About A Florida Politician & Her Hilarious Lineage

As if anyone needed another reason to pay attention to the scintillating world of Florida gubernatorial politics, Alex Sink has burst on to the scene with a juicy nugget of novelty that is as erotic as it is pertinent — that is to say “not very,” but I like it nonetheless.

While making headlines in papers from the Ft. Lauderdale Sun-Sentinel to the Tallahassee Democrat as a 2010 gubernatorial candidate (Note 2nd use of “gubernatorial”) and the first female CFO of the state of Florida, the real story behind the Sink lies in her lineage, as she is a direct descendant of the world’s most dignified two-headed monster, Chang and Eng Bunker.

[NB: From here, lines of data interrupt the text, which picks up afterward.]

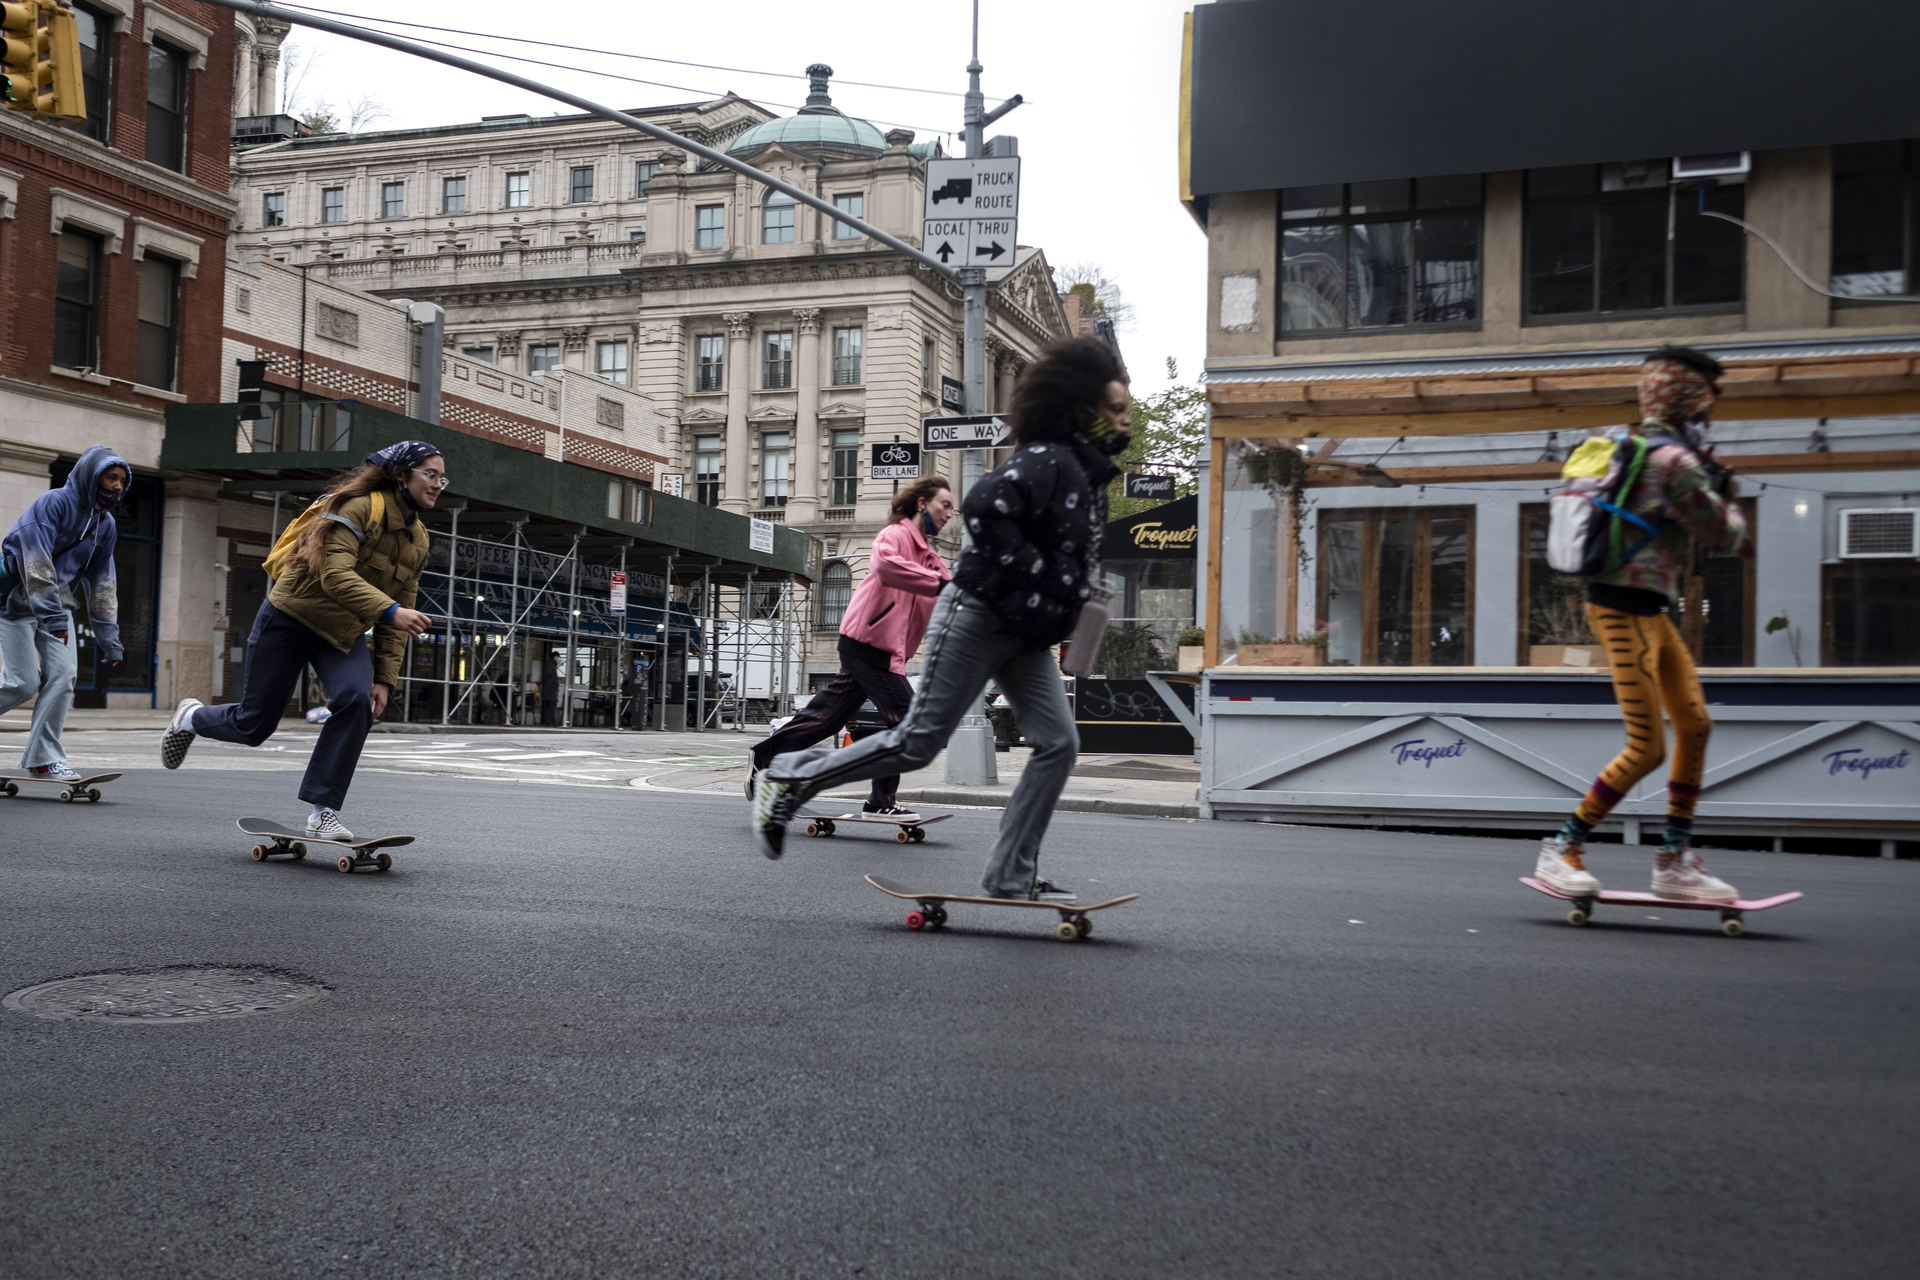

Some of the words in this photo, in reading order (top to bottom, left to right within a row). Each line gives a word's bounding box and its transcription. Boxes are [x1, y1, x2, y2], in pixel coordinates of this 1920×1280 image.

[976, 171, 1015, 186] TRUCK
[974, 195, 1014, 209] ROUTE
[927, 222, 966, 236] LOCAL
[976, 221, 1010, 236] THRU
[943, 386, 959, 403] ONE
[930, 427, 959, 440] ONE
[973, 424, 1004, 438] WAY
[873, 467, 892, 477] BIKE
[895, 466, 918, 476] LANE
[1130, 477, 1171, 496] Troquet
[1129, 521, 1199, 551] Troquet
[1390, 739, 1468, 769] Troquet
[1821, 748, 1911, 780] Troquet
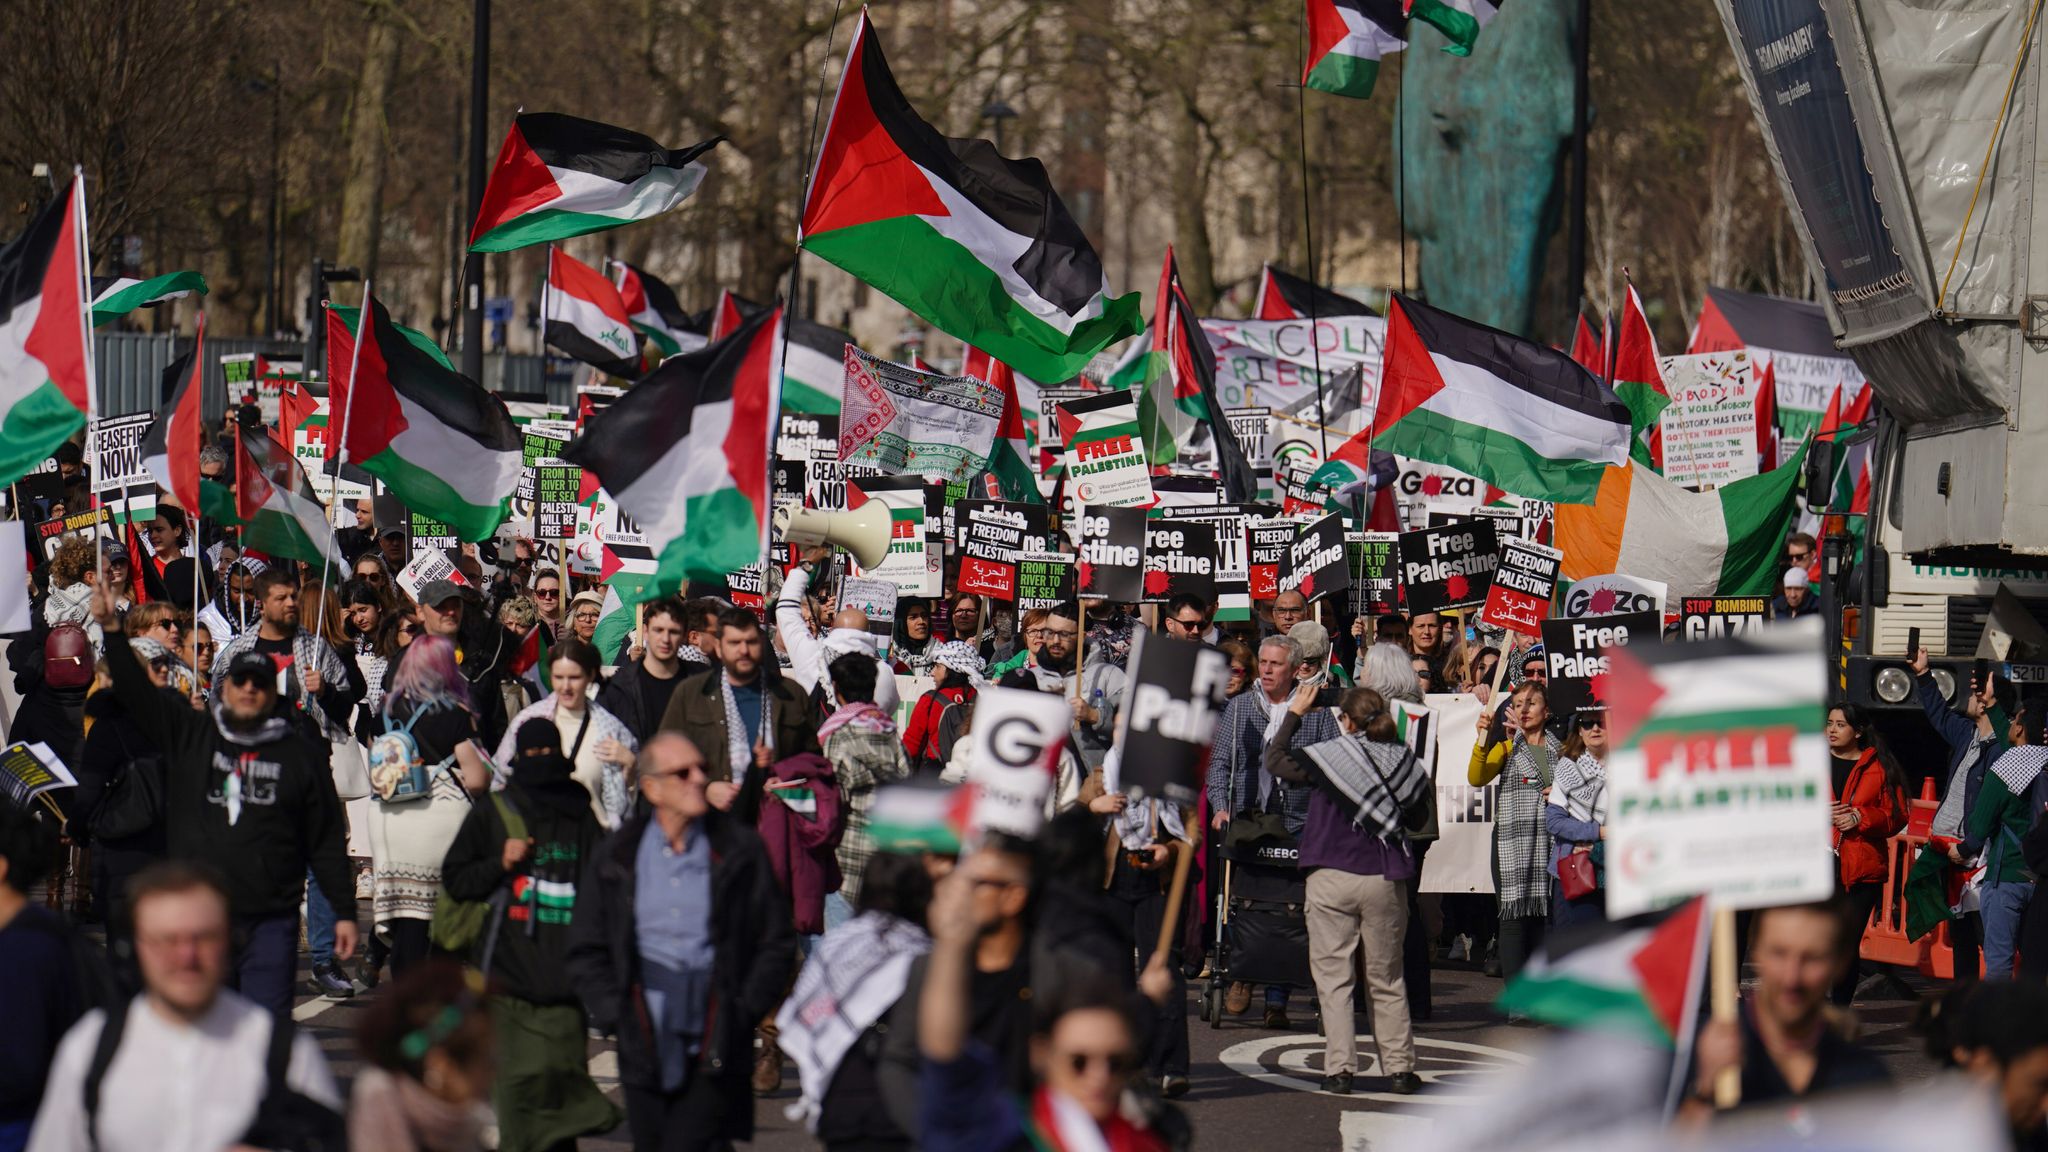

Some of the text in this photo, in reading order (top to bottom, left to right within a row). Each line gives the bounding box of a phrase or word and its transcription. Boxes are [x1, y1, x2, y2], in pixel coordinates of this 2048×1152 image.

[1203, 321, 1385, 357] INCOLN
[1216, 357, 1374, 402] FRIENS
[1674, 386, 1744, 402] OBODY IN
[782, 416, 819, 434] Free
[1231, 418, 1269, 435] SEFIRE
[1714, 416, 1730, 424] HAS
[1732, 414, 1753, 422] EVER
[525, 435, 563, 451] FROM THE
[1075, 434, 1133, 462] FREE
[524, 446, 557, 458] RIVER TO
[523, 456, 535, 467] THE
[1071, 454, 1144, 478] PALESTINE
[541, 468, 565, 478] FROM
[520, 478, 535, 490] WILL
[541, 480, 580, 490] RIVER TO
[517, 488, 534, 499] FREE
[541, 491, 576, 502] THE SEA
[819, 482, 845, 508] NO
[40, 510, 108, 537] STOP BOMBIG
[541, 514, 574, 524] WILL BE
[978, 514, 1018, 526] Socialist Worker
[1083, 516, 1110, 537] ee
[412, 525, 447, 536] THE SEA
[541, 526, 560, 536] FREE
[892, 520, 915, 538] EE
[972, 522, 1020, 544] FREEDOM
[605, 533, 642, 543] FREE PALESTINE
[1147, 530, 1184, 548] ree
[1427, 532, 1474, 556] Free
[888, 542, 923, 554] STINE
[1082, 539, 1139, 566] stine
[1253, 550, 1282, 562] PALES
[1291, 532, 1320, 566] Free
[1374, 543, 1390, 554] THE
[1513, 540, 1554, 556] Socialist Worker
[1021, 562, 1066, 575] FROM THE
[1144, 551, 1210, 574] estine
[1374, 555, 1386, 566] TO
[1406, 552, 1499, 585] Palestine
[1504, 549, 1554, 576] FREEDOM
[412, 558, 446, 591] END ISRAELI
[972, 562, 1006, 577] الحرية
[1368, 567, 1382, 578] SEA
[966, 575, 1008, 591] لفلسطين
[1021, 574, 1060, 587] RIVER TO
[1496, 569, 1552, 598] PALESTINE
[1020, 586, 1056, 598] THE SEA
[1370, 590, 1382, 602] BE
[1501, 592, 1536, 611] الحرية
[1686, 600, 1764, 613] STOP BOMBING
[1491, 607, 1538, 627] لفلسطين
[1686, 614, 1764, 643] GAZA
[1572, 624, 1628, 650] Free
[1550, 652, 1612, 678] Pales
[1640, 725, 1797, 782] FREE

For those of you who have been living under a rock and/or aren’t well-versed in the people-who-are-attached-to-each-other scene, the Bunker “brothers”* were a pair of Thai-American conjoined twins who according to Wikipedia, “their condition and birthplace became the basis for the term “Siamese Twins.”

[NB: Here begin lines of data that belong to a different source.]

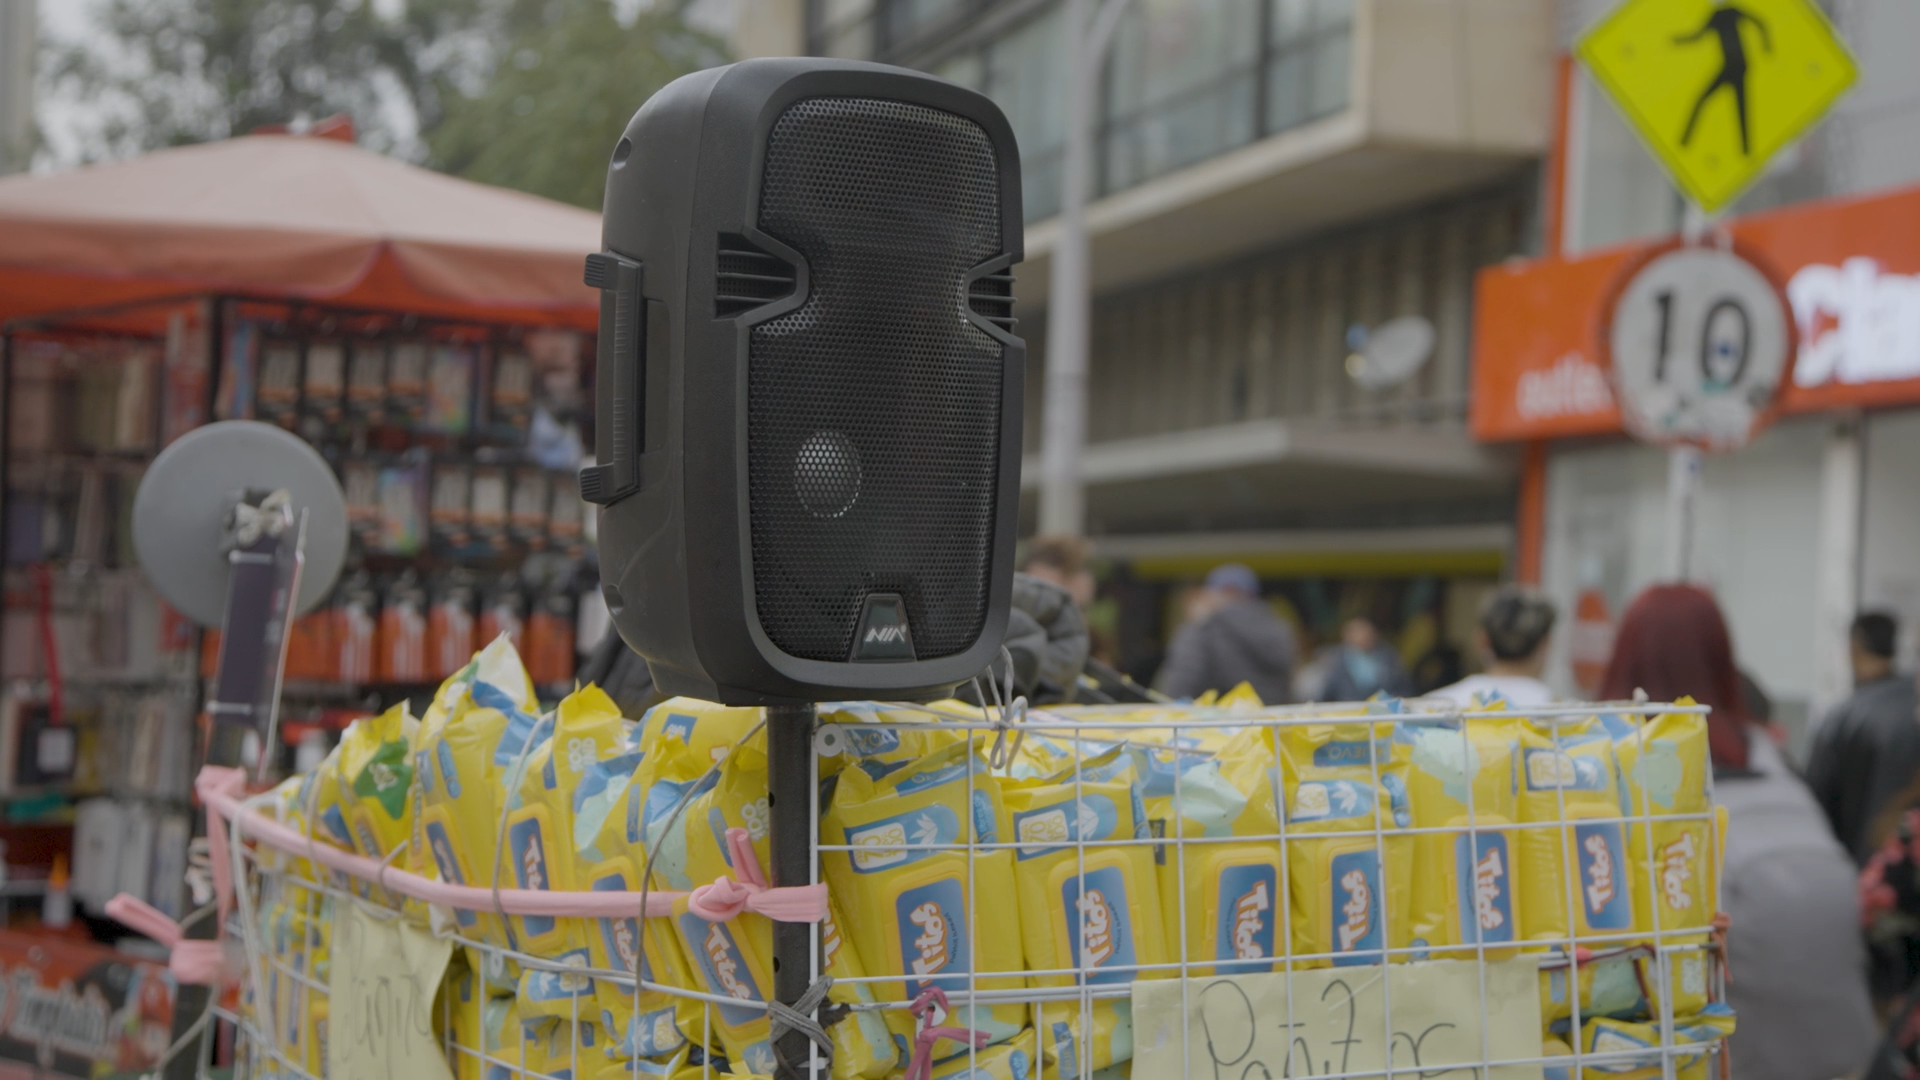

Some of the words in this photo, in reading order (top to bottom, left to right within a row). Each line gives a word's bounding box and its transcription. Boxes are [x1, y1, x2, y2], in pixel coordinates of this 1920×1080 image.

[1655, 287, 1753, 386] 10
[1516, 350, 1614, 420] outle
[523, 833, 542, 890] Tit
[1475, 847, 1503, 930] Titos
[1584, 834, 1614, 914] Titos
[1661, 829, 1695, 910] Titos
[612, 917, 638, 975] itos
[910, 901, 949, 988] Titos
[1075, 889, 1114, 979] Titos
[1233, 880, 1269, 960] Titos
[1337, 869, 1370, 953] Titos
[703, 921, 751, 1000] Titos

The Bunker collective lived a relatively normal life considering the face that they were a walking work of science fiction, immigrating to America in 1839 and setting up a plantation where they became successful farmers using the popular agricultural technique of owning black people as property and forcing them to work in the fields without pay. The Bunker body also wed a pair of sisters, presumably with each head getting their own wife, and between the conglomeration of heads and genitals that was this 3.5-person marriage they produced 21 children.

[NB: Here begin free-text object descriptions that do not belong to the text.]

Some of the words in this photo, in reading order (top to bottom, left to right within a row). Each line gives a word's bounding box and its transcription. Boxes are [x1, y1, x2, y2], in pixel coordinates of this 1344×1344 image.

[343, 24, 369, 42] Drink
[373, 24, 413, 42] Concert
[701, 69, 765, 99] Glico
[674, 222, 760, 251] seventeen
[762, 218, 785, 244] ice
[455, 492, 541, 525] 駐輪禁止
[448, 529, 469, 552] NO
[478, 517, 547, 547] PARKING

With free labor playing a key role in their otherwise innovative business model, the Bunkers went broke following the Civil War and returned to freak show circuit, that apparently being a popular thing in the decades prior to the advent of flagpole-sitting. Chang died of pneumonia in 1874 and Eng hung around for a couple of hours with his dead half-body just kind of laying there before dying himself.

So there you have it. The tale of the original Siamese Twins is way more interesting than that of their great-granddaughter, who grew up with just one head and became a politician in some hick state. Take that, Alex Sink.